La parte seconda dello studio del dott. Alfonso Gentili.

 A seguito delle elezioni politiche del 18 e 19 aprile 1948 vinte dal partito della Democrazia Cristiana (DC) con oltre il 48% dei voti, la Repubblica visse una prima fase (1948-1955 con Presidente della Repubblica L. Einaudi) di c.d. congelamento costituzionale durante le Presidenze del Consiglio dei ministri dei Governi De Gasperi V, VI, VII e VIII di centrismo (Legislature I e inizio II) e quelle di Pella, Fanfani I e Scelba di sola DC o di centrismo con appoggi esterni vari o astensioni tra cui anche quella del MSI (nel governo Pella). Si aprì poi una seconda fase, con Presidente della Repubblica G. Gronchi (III Legislatura), che favorì l’evoluzione del  sistema politico dal centrismo al centro-sinistra e che invece si orientò al rilancio del modello costituzionale non attuato. Questa seconda fase, con Presidente del Consiglio del Governo Segni I di centrismo (DC-PSDI-PLI) vide l’attivazione nel ’56 della Corte Costituzionale, nel ’57 del Consiglio nazionale dell’economia e del lavoro e nel ’58 (Governo Zoli -DC con l’appoggio di PNM-MSI) del Consiglio superiore della Magistratura, nonché l’adozione di alcune leggi fondamentali come quelle dell’istituzione della scuola media statale (legge n. 1859 del ’62- Governo Fanfani IV di centrismo e per la prima volta con l’astensione del PSI – in attuazione dell’art. 34 Cost. sull’istruzione inferiore obbligatoria per almeno 8 anni) e dell’accesso anche delle donne a pubblici impieghi in condizioni di eguaglianza (legge n. 66 del ’63- Governo Fanfani IV– in attuazione art. 51 Cost.).

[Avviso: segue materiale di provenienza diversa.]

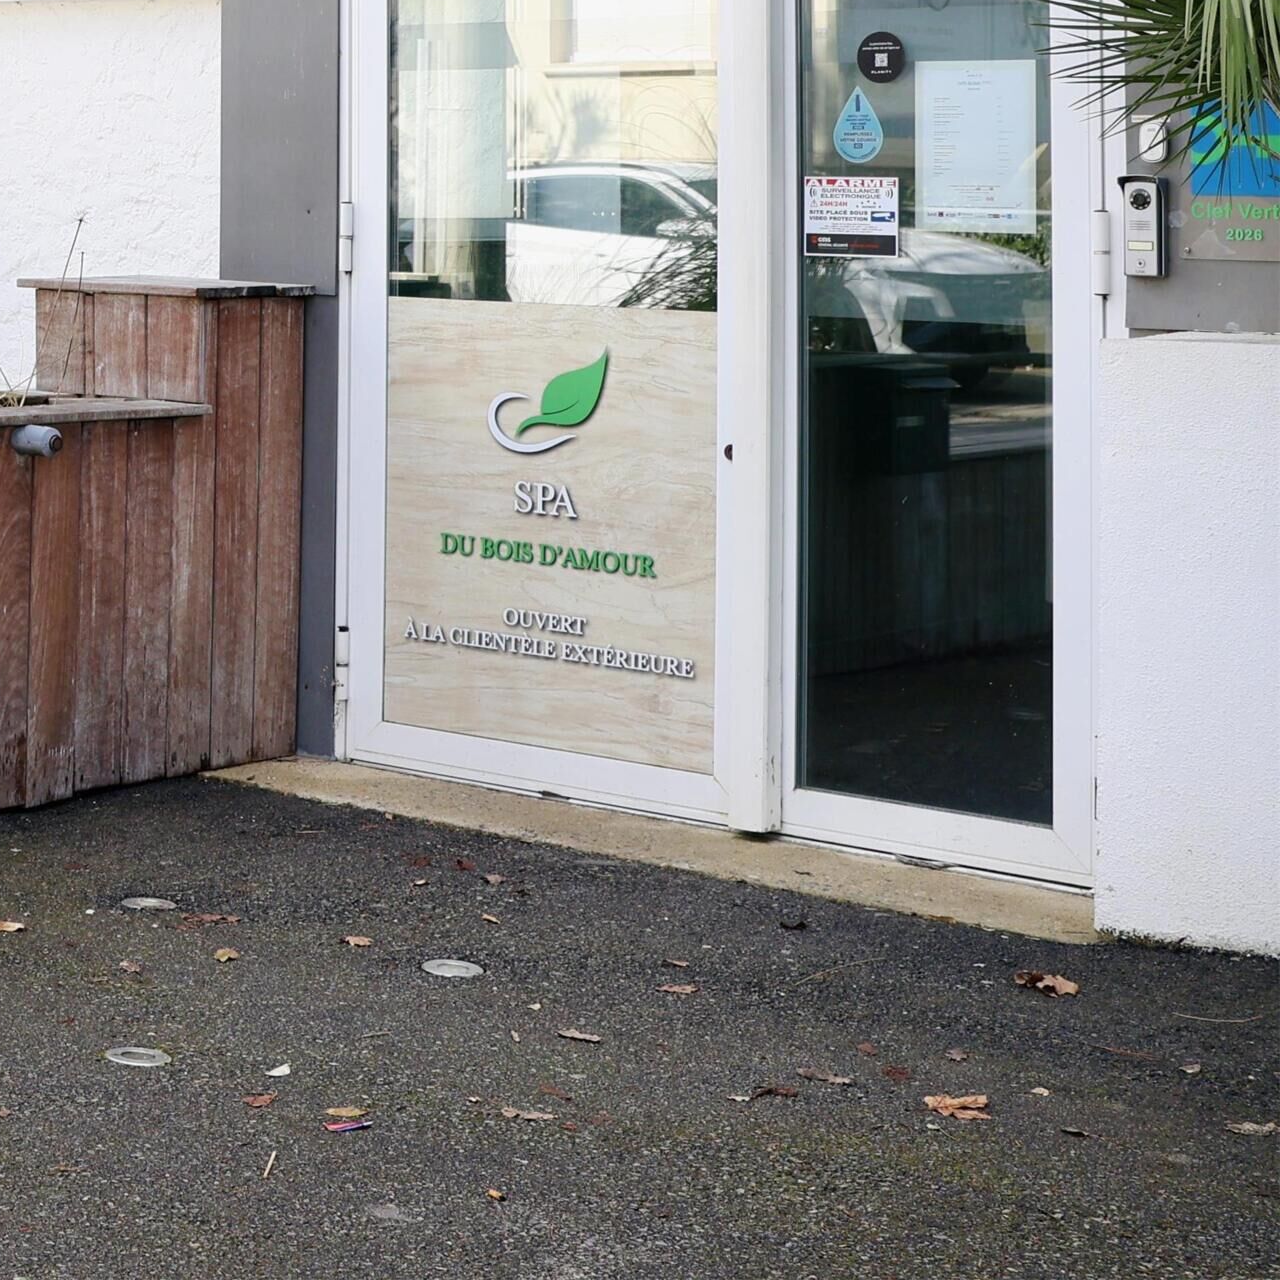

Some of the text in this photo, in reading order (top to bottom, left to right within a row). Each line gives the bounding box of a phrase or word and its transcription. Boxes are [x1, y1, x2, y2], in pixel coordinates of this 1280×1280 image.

[806, 178, 895, 188] ALARME
[1191, 202, 1234, 219] Clef
[1225, 228, 1264, 241] 2026
[514, 480, 578, 518] SPA
[440, 532, 476, 557] DU
[480, 537, 534, 565] BOIS
[503, 607, 587, 636] OUVERT
[404, 616, 695, 678] À LA CLIENTÈLE EXTÉRIEURE
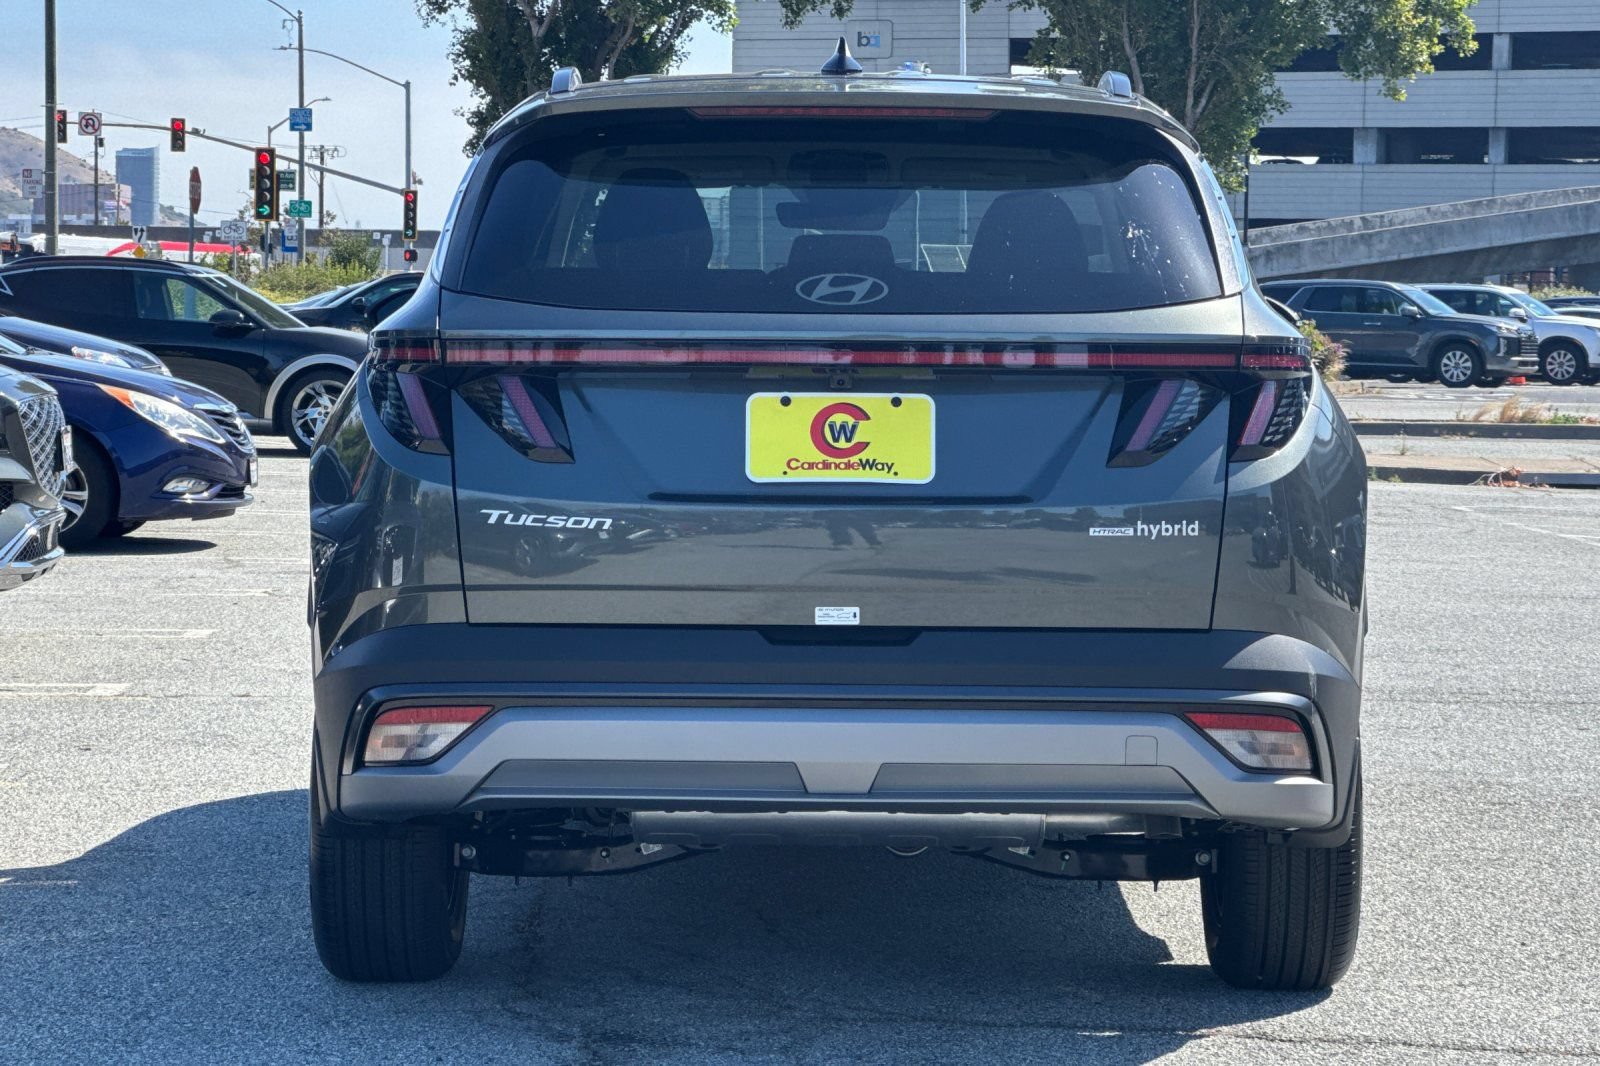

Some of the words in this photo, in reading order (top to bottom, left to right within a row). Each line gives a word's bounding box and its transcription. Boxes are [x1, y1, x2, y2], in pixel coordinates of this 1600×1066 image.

[24, 170, 32, 178] NO
[786, 458, 895, 474] CardinaleWay
[1090, 528, 1133, 536] HTRAC
[1137, 520, 1199, 540] hybrid
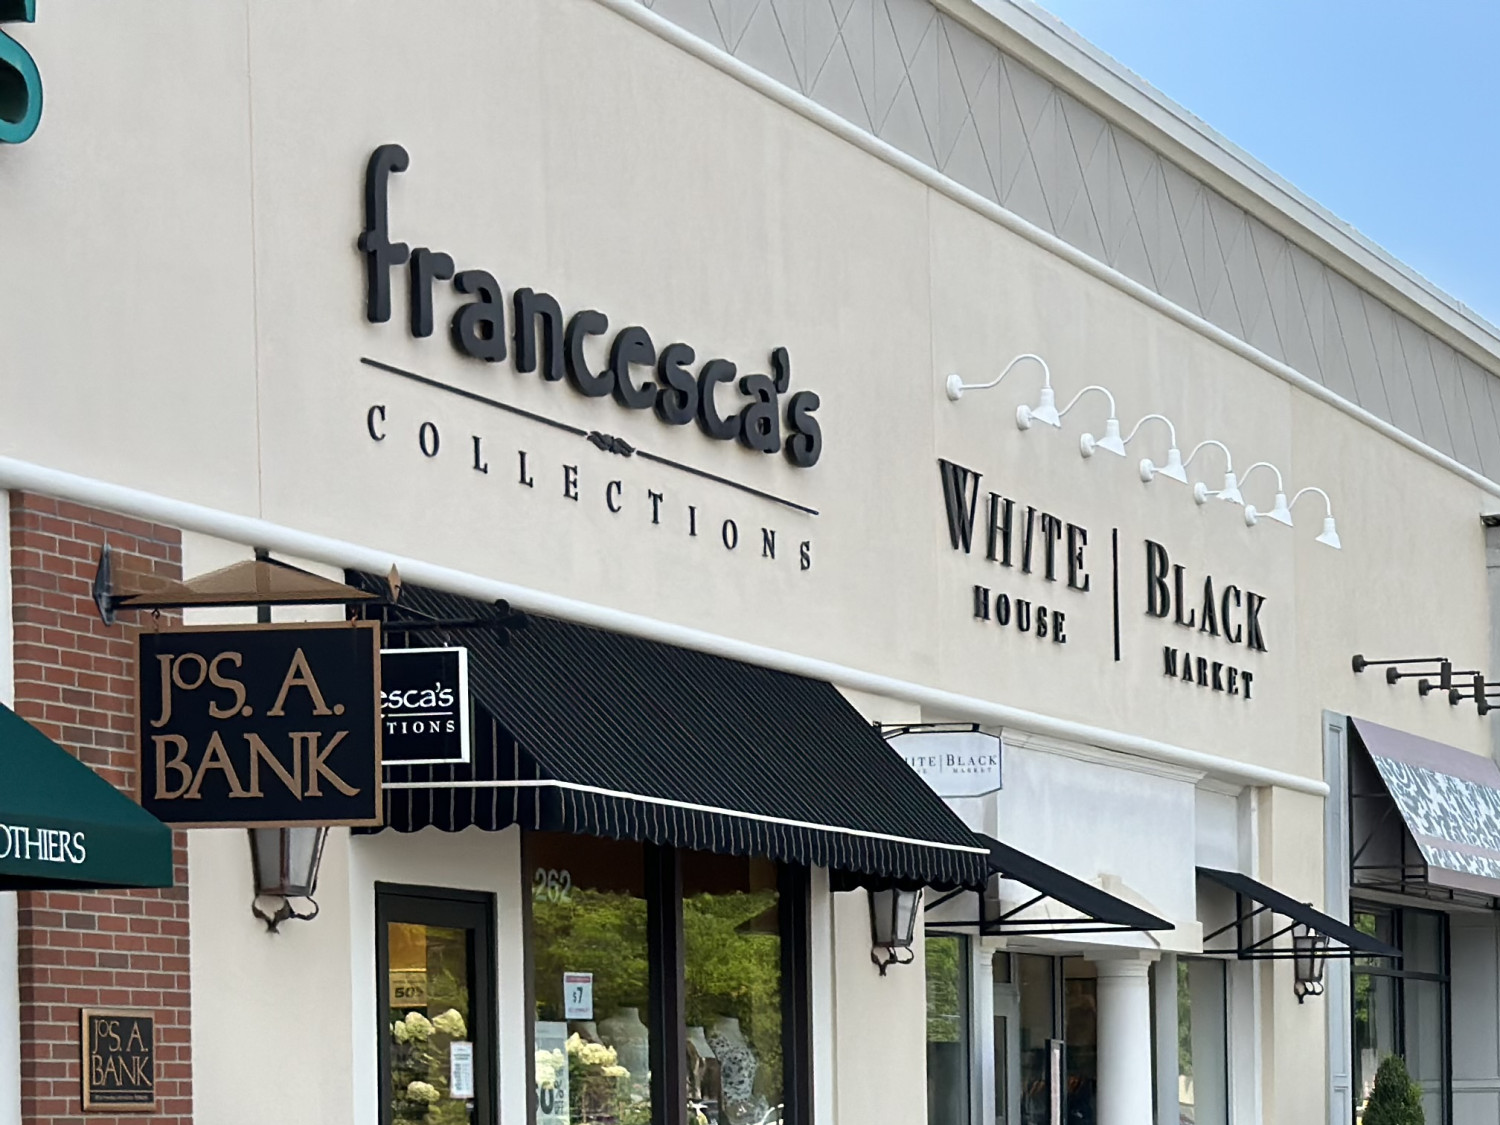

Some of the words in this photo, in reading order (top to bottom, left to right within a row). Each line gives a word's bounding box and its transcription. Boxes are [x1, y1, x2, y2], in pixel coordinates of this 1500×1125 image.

[357, 144, 821, 468] francesca's
[367, 405, 812, 571] COLLECTIONS
[938, 458, 1090, 592] WHITE
[973, 585, 1067, 644] HOUSE
[1144, 539, 1268, 653] BLACK
[267, 647, 345, 717] A.
[1163, 646, 1254, 699] MARKET
[151, 730, 362, 801] BANK
[946, 753, 997, 766] BLACK
[0, 823, 86, 864] OTHIERS
[535, 867, 572, 900] 262
[126, 1021, 149, 1052] A.
[91, 1055, 152, 1087] BANK
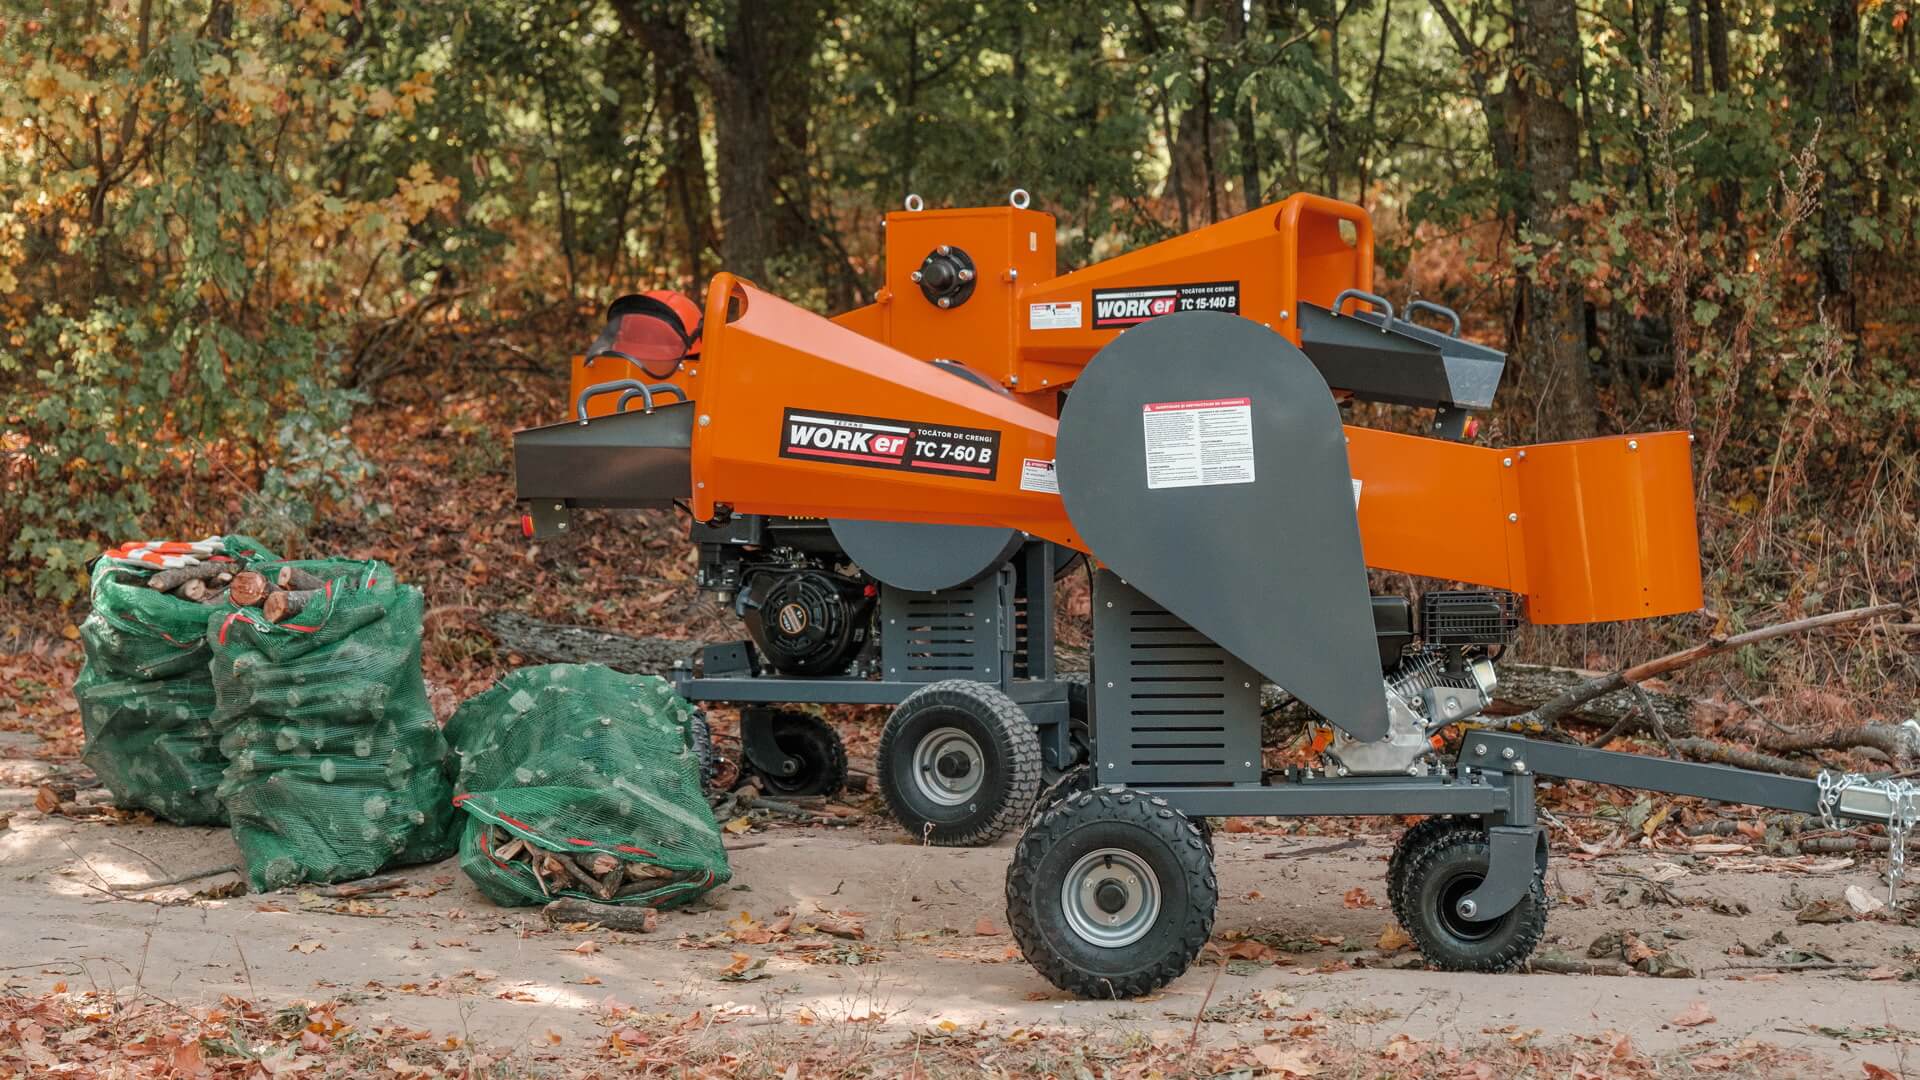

 Il percorso attuativo della Costituzione poteva però dirsi  in gran parte concluso nell’anno ’70  con l’attivazione degli istituti di democrazia diretta (Legge n. 352 del maggio 1970 (Governo M. Rumor III di Centro-sinistra organico DC-PSI-PSDI-PRI, formula che era stata avviata con i Governi del Presidente Moro I, II e III tra la fine del ’63 e la metà del ’68) sull’iniziativa legislativa del popolo e sui referendum previsti dalla Costituzione (artt. 71, secondo comma, 75 e 138, per l’ultimo dei quali in precedenza le leggi di revisione della Costituzione non potevano essere approvate se non con la maggioranza dei due terzi). Il completamento del percorso è  avvenuto con l’approvazione dello Statuto dei lavoratori di cui alla legge 300/1970 e soprattutto con l’attivazione nel ’70 delle 20  Regioni a Statuto ordinario elencate nell’art. 131 Cost. come modificato con l.c. n. 3 del ’63 istitutiva della Regione Molise. Le Regioni erano state già disciplinate dalla legge n. 62 del febbraio ’53 (Governo De Gasperi  VII) rimasta però  inapplicata per molti anni e modificata dalla legge n. 1084 del dicembre ’70 (Governo Colombo di centro sinistra organico) insieme alla legge 281 del maggio ’70 recante provvedimenti finanziari per l’attuazione delle Regioni. Con riferimento al rapporto tra territorio e governo, fra le tre tipiche forme di Stato (unitario, federale e regionale), l’Assemblea costituente infatti aveva scelto quella dello  Stato regionale e al rapporto tra popolo e governo, fra lo Stato autoritario e lo Stato democratico, aveva scelto quest’ultimo (art. 1).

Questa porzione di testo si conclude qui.